Dr. Susan Seestrom of Sandia National Laboratories in 2019
Dr. Susan Seestrom of Sandia National Laboratories, pictured in 2019

During Women’s History Month, the U.S. Department of Energy (DOE) shared stories of barrier breakers and history makers – women who made history as “firsts.” This list of groundbreaking DOE women included the first female Secretary of Energy, the first woman to receive an Enrico Fermi Award from the agency, and the woman who discovered the criticality of the Y chromosome in mammals, just to name a few.

Dr. Susan Seestrom also holds a position on this list. She’s the first woman to head the Physics Division and the Weapons Physics Directorate at Los Alamos National Laboratory (a National Nuclear Security Administration (NNSA) laboratory in New Mexico born out of the Manhattan Project). She was also the first woman to chair DOE’s Nuclear Science Advisory Committee and the National Science Foundation. She is now the Associate Laboratories Director for Advanced Science and Technology and Chief Research Officer at Sandia National Laboratories.

More Reasons to be Impressed by Dr. Seestrom

  1. Despite her fear of heights, she’s hiked through the mountains of Peru to get to the remote Incan ruins of Choquequirao, trekked up the Amalfi Coast in Italy, and walked around the upper northern highlands of Ethiopia.

  2. She sponsors the education of five girls in Nepal.

  3. Her groundbreaking effort to develop a source of ultra-cold neutrons was used to measure the lifetime of the free neutron.

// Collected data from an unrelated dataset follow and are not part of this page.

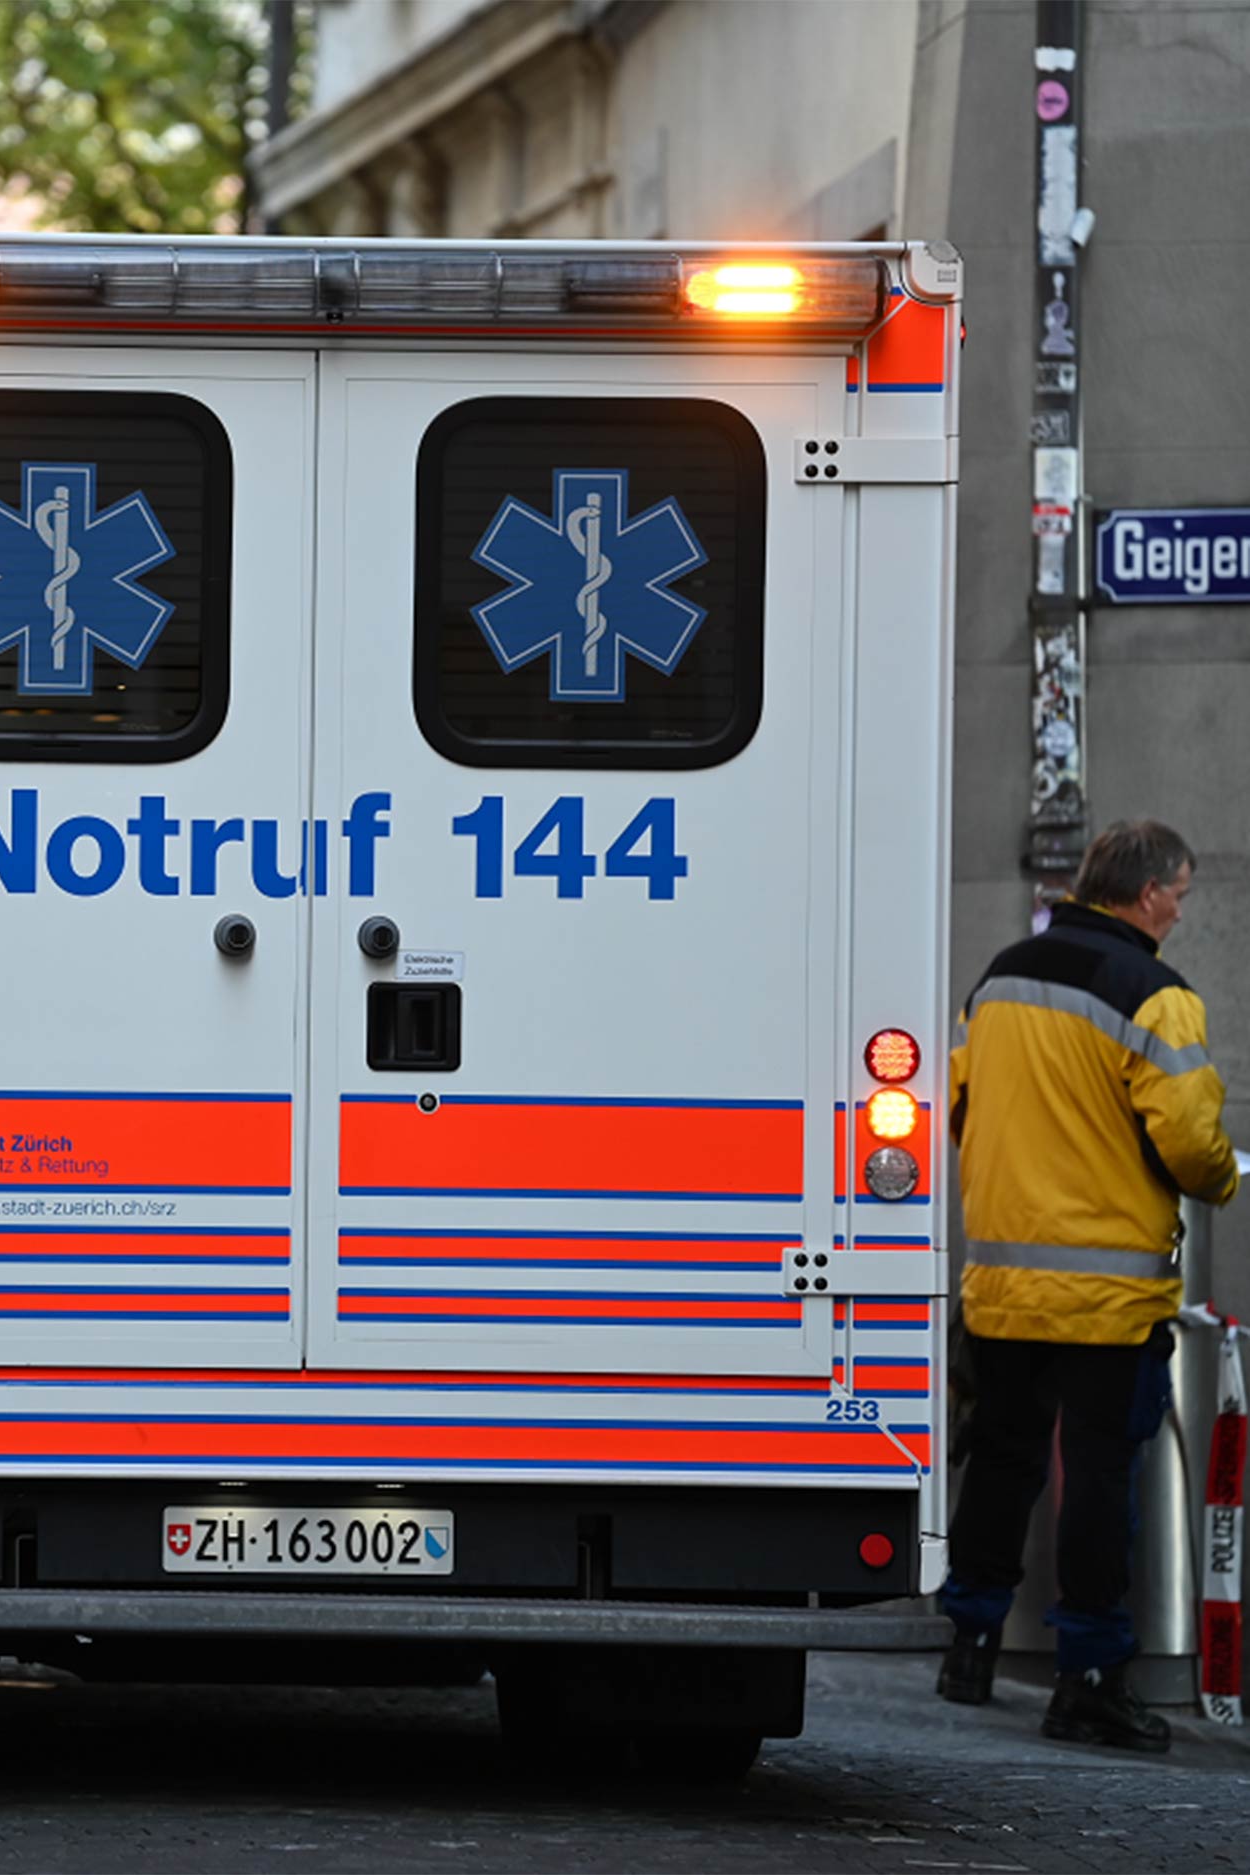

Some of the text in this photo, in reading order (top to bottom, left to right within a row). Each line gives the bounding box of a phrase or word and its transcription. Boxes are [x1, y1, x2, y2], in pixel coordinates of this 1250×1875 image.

[453, 796, 687, 900] 144
[11, 1134, 73, 1153] Zürich
[20, 1156, 33, 1174] &
[38, 1156, 109, 1178] Rettung
[826, 1400, 879, 1421] 253
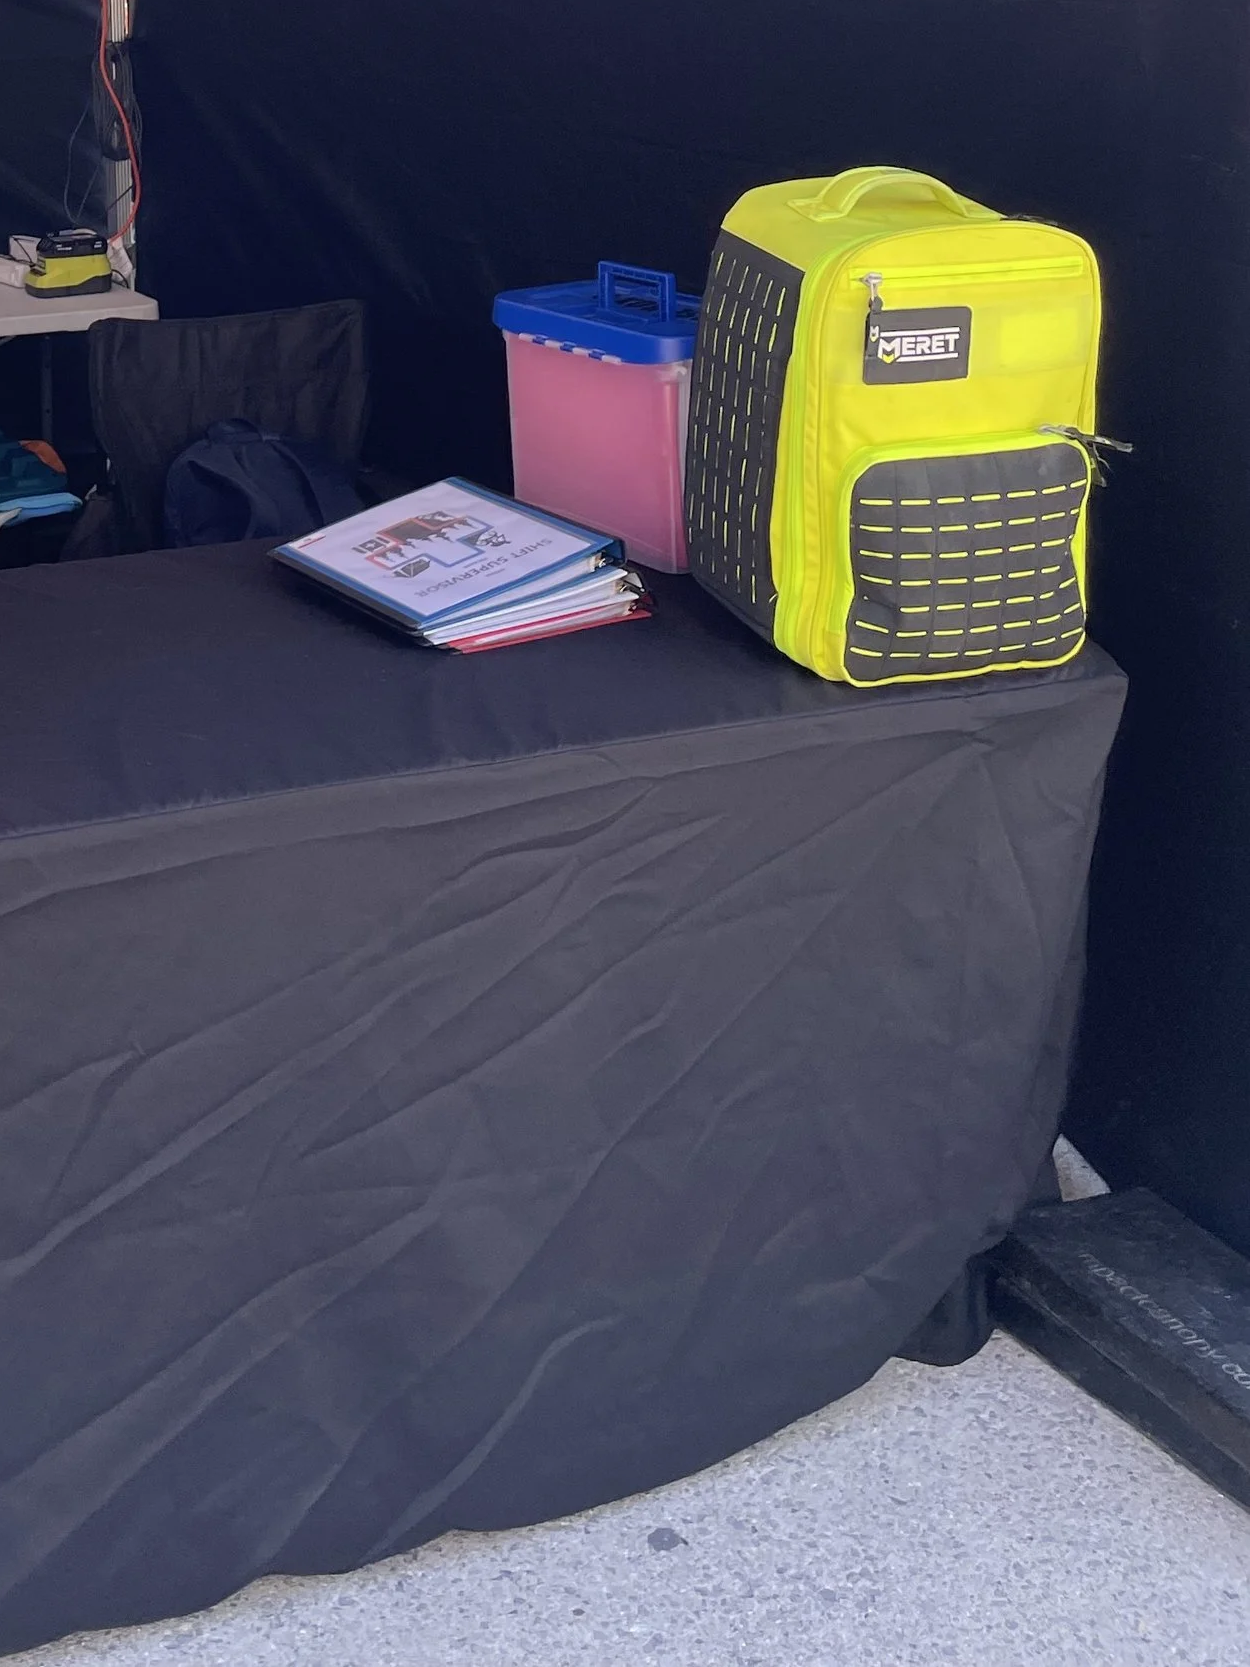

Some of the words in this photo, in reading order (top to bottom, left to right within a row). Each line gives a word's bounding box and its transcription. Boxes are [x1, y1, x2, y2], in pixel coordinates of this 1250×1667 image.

  4. She delivered wheelchairs to impoverished Nicaraguan children with disabilities.

  5. Growing up in Minnesota she loved to swim on summer nights in the Mississippi River.

  6. She’s a Fellow of the American Physical Society, a position she achieved in 1994.

  7. She started out as a geology major at the University of Minnesota and ended up obtaining a PhD in nuclear physics.

  8. One of her hobbies include quilting for family members and friends.

On Life & Leadership

“It’s clear there’s a sense of a glass ceiling in the workforce,” Dr. Seestrom said in 2001 when she was elevated to the Physics Division Director. “Many women whom I’ve never met have sent me notes. Without having done anything, my being here makes a difference to them – subtle cultural things sometimes get in the way of women succeeding,” she said. “I hope to set a model that you don’t have to just have a job – you can have a life.”

Through her work at Los Alamos and Sandia National Laboratories and in her personal time, it is clear Dr. Seestrom pursues an abundant life.